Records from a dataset
——
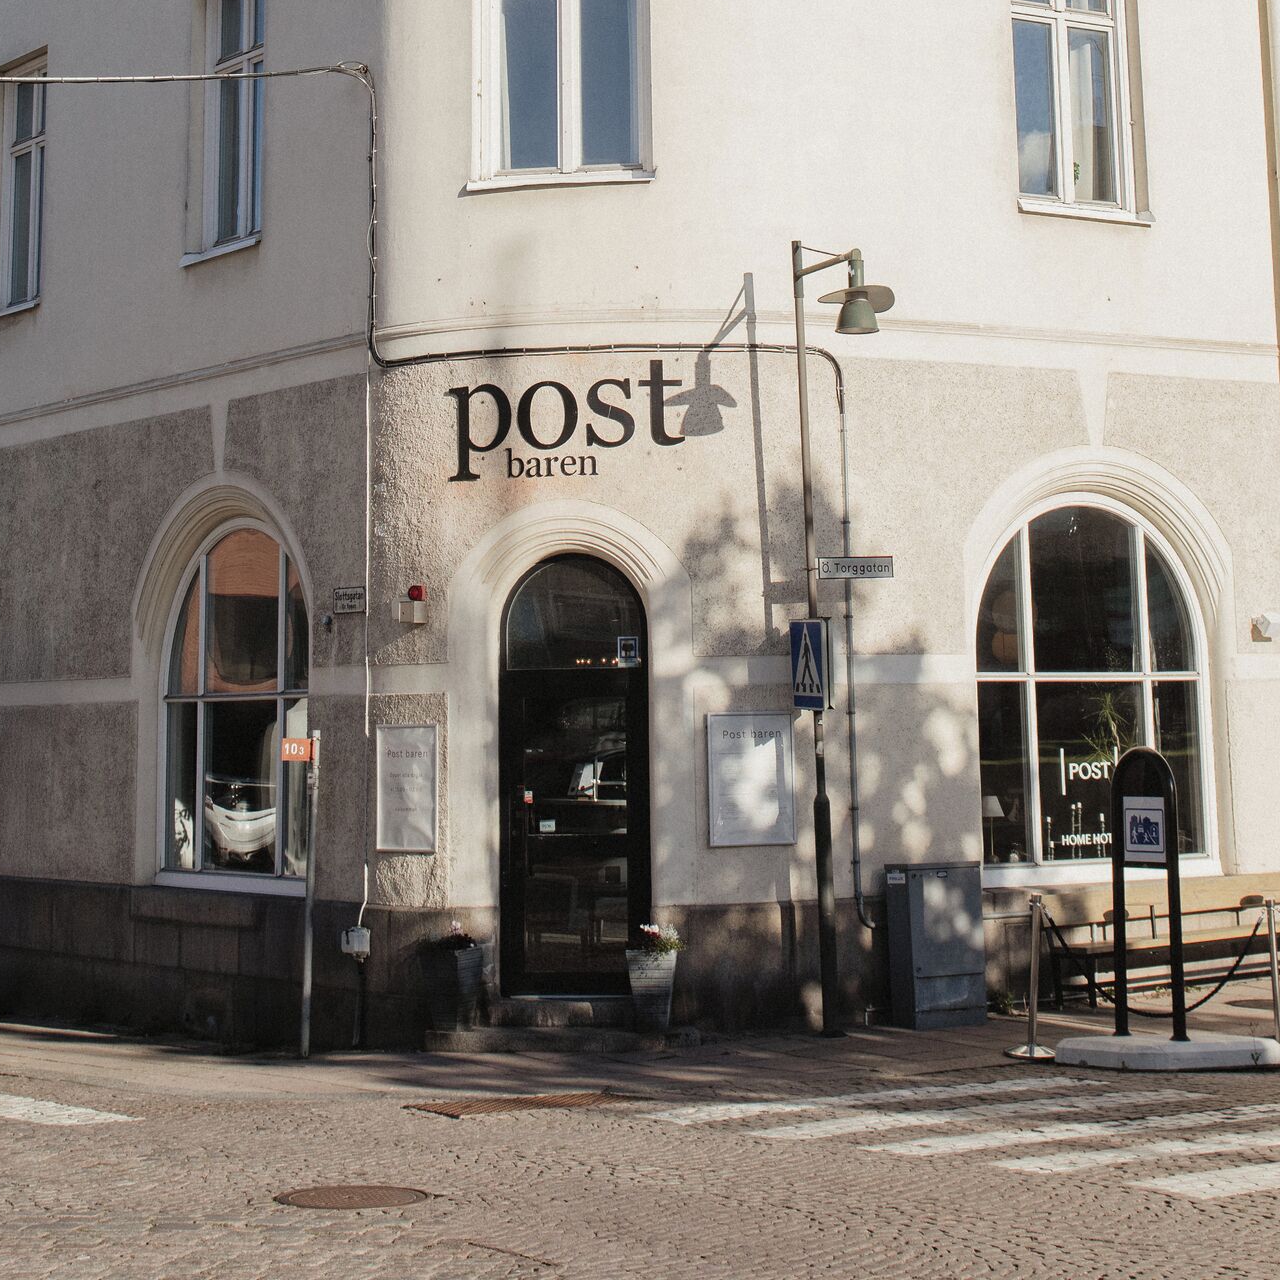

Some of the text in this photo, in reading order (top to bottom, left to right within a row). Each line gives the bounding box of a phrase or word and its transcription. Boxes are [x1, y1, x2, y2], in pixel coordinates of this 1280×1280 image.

[447, 359, 686, 483] post
[505, 448, 599, 478] baren
[822, 561, 890, 575] Ö. Torggatan
[722, 729, 782, 740] Post baren
[387, 749, 428, 759] Post baren
[1068, 761, 1111, 780] POST
[1061, 832, 1112, 846] HOME HOT
——
_WHAT IS NEEDED_:
Restate the data word for word while omitting each picture.

_FINAL ANSWER_:
Some of the text in this photo, in reading order (top to bottom, left to right within a row). Each line gives the bounding box of a phrase or word and its transcription. Boxes are [x1, y1, x2, y2], in pixel coordinates of this 1280×1280 image.

[447, 359, 686, 483] post
[505, 448, 599, 478] baren
[822, 561, 890, 575] Ö. Torggatan
[722, 729, 782, 740] Post baren
[387, 749, 428, 759] Post baren
[1068, 761, 1111, 780] POST
[1061, 832, 1112, 846] HOME HOT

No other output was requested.